_Task objective:_
Exact copy, no pictures: output each line below as it stands.

Annotated photo localization data:
=== Section Start ===

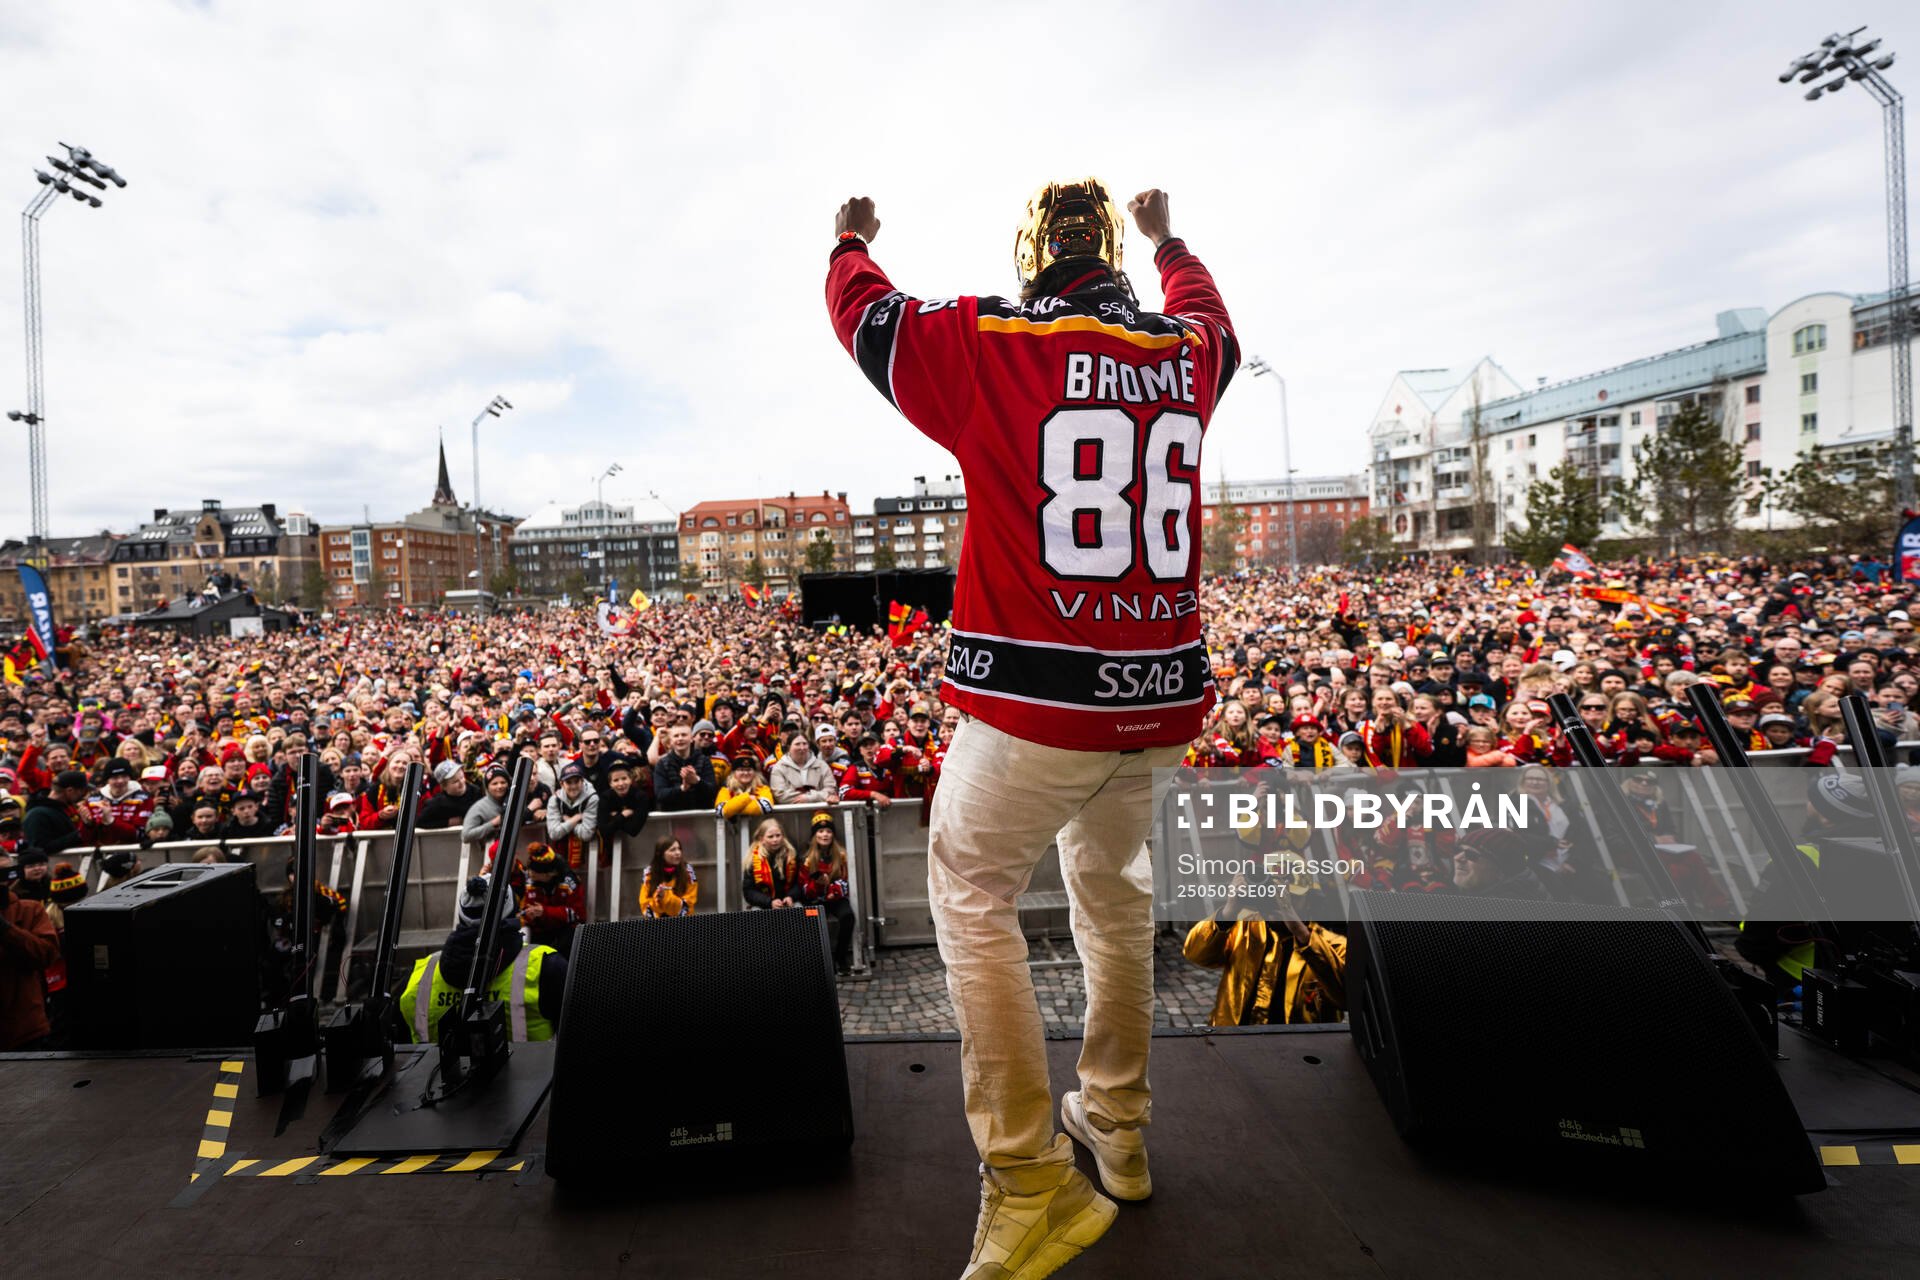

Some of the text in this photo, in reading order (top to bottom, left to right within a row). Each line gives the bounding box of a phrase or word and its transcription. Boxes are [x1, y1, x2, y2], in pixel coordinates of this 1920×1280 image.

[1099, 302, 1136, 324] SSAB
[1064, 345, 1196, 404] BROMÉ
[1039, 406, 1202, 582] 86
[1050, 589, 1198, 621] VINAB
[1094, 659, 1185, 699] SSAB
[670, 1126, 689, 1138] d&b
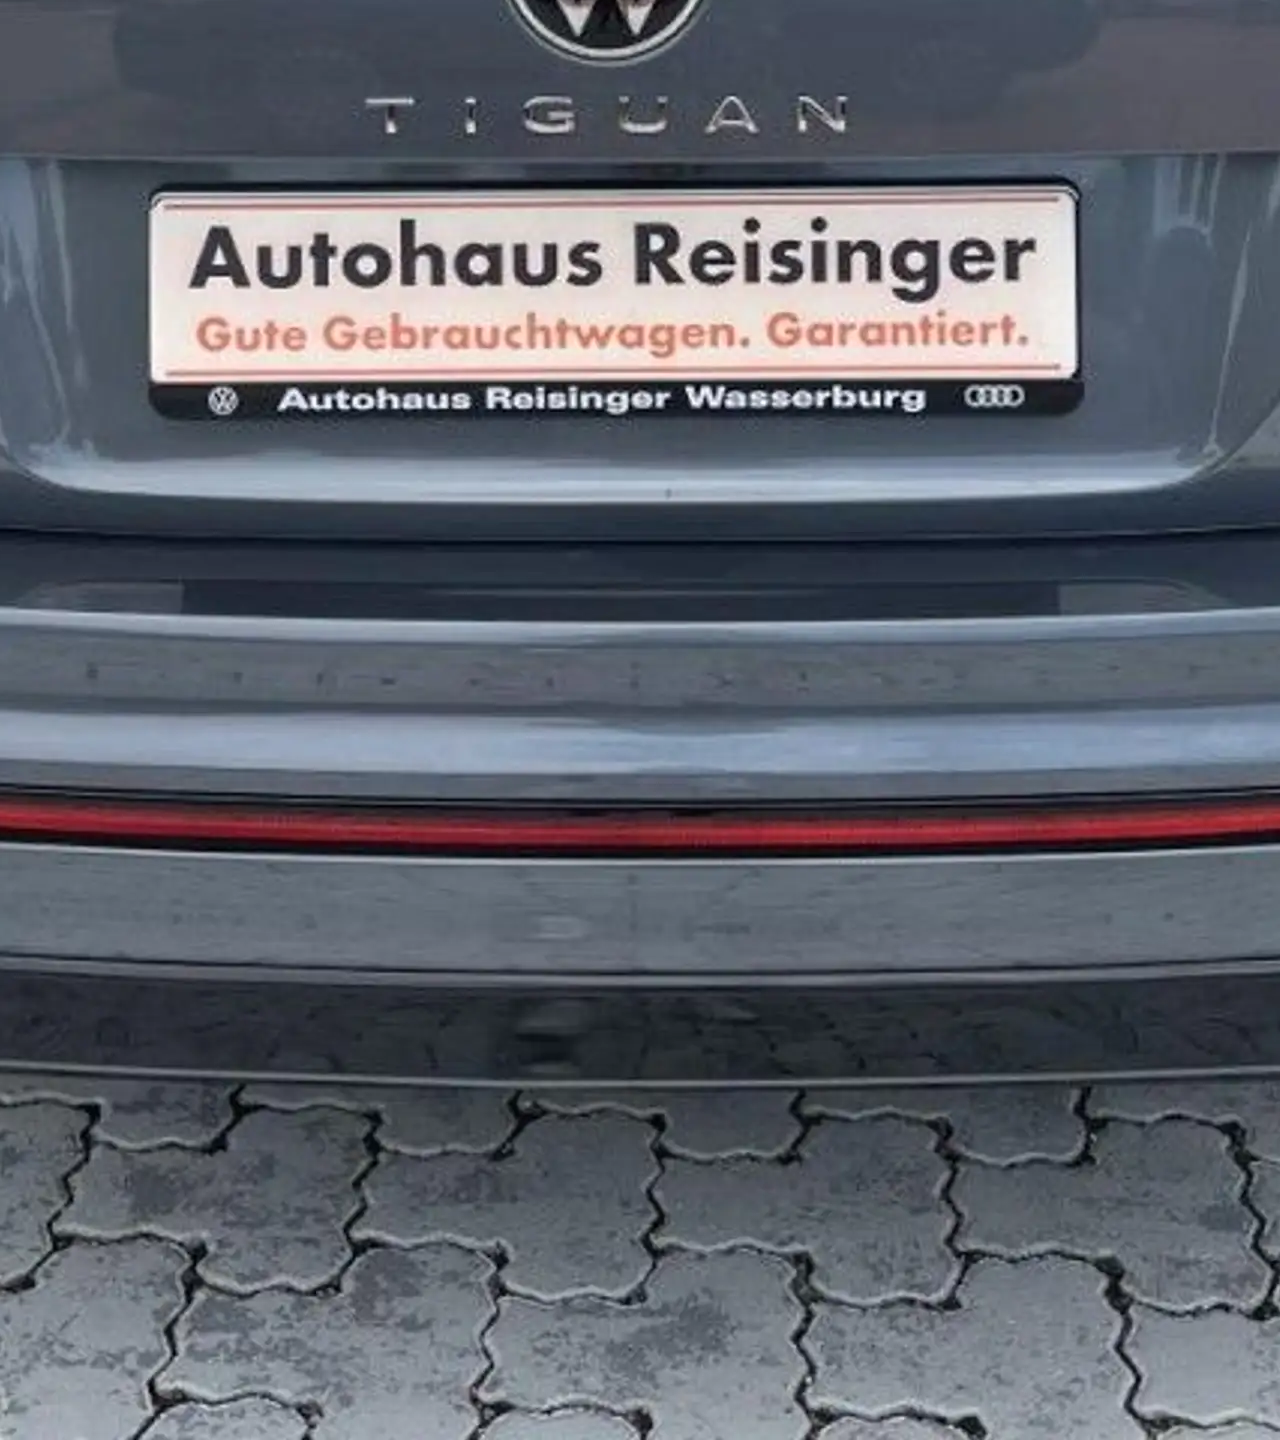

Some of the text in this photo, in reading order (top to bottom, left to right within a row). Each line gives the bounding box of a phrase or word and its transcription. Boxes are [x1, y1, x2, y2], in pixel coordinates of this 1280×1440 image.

=== Section End ===

_Response box:_
Some of the text in this photo, in reading order (top to bottom, left to right within a row). Each line gives the bounding box of a phrase or word and its transcription. Boxes are [x1, y1, x2, y2], in pixel coordinates of this 1920×1280 image.

[1099, 302, 1136, 324] SSAB
[1064, 345, 1196, 404] BROMÉ
[1039, 406, 1202, 582] 86
[1050, 589, 1198, 621] VINAB
[1094, 659, 1185, 699] SSAB
[670, 1126, 689, 1138] d&b

Some of the text in this photo, in reading order (top to bottom, left to right within a row). Each line gives the bounding box of a phrase or word and its transcription. Boxes are [x1, y1, x2, y2], in pixel coordinates of this 1280×1440 image.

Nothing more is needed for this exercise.